──────── Extracted information ────────

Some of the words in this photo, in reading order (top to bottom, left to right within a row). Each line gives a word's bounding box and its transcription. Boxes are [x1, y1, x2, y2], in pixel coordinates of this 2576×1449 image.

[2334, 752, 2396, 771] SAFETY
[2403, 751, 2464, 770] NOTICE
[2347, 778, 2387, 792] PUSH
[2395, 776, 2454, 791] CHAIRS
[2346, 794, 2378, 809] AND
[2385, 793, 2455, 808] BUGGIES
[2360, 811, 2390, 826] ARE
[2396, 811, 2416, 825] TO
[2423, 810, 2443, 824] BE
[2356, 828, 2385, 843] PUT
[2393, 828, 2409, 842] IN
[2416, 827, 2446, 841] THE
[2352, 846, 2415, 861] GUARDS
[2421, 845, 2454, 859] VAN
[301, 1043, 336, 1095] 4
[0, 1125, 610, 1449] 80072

────────

_Action item_. Provide an exact reproduction of all the entries shown above.

_Task answer_.
Some of the words in this photo, in reading order (top to bottom, left to right within a row). Each line gives a word's bounding box and its transcription. Boxes are [x1, y1, x2, y2], in pixel coordinates of this 2576×1449 image.

[2334, 752, 2396, 771] SAFETY
[2403, 751, 2464, 770] NOTICE
[2347, 778, 2387, 792] PUSH
[2395, 776, 2454, 791] CHAIRS
[2346, 794, 2378, 809] AND
[2385, 793, 2455, 808] BUGGIES
[2360, 811, 2390, 826] ARE
[2396, 811, 2416, 825] TO
[2423, 810, 2443, 824] BE
[2356, 828, 2385, 843] PUT
[2393, 828, 2409, 842] IN
[2416, 827, 2446, 841] THE
[2352, 846, 2415, 861] GUARDS
[2421, 845, 2454, 859] VAN
[301, 1043, 336, 1095] 4
[0, 1125, 610, 1449] 80072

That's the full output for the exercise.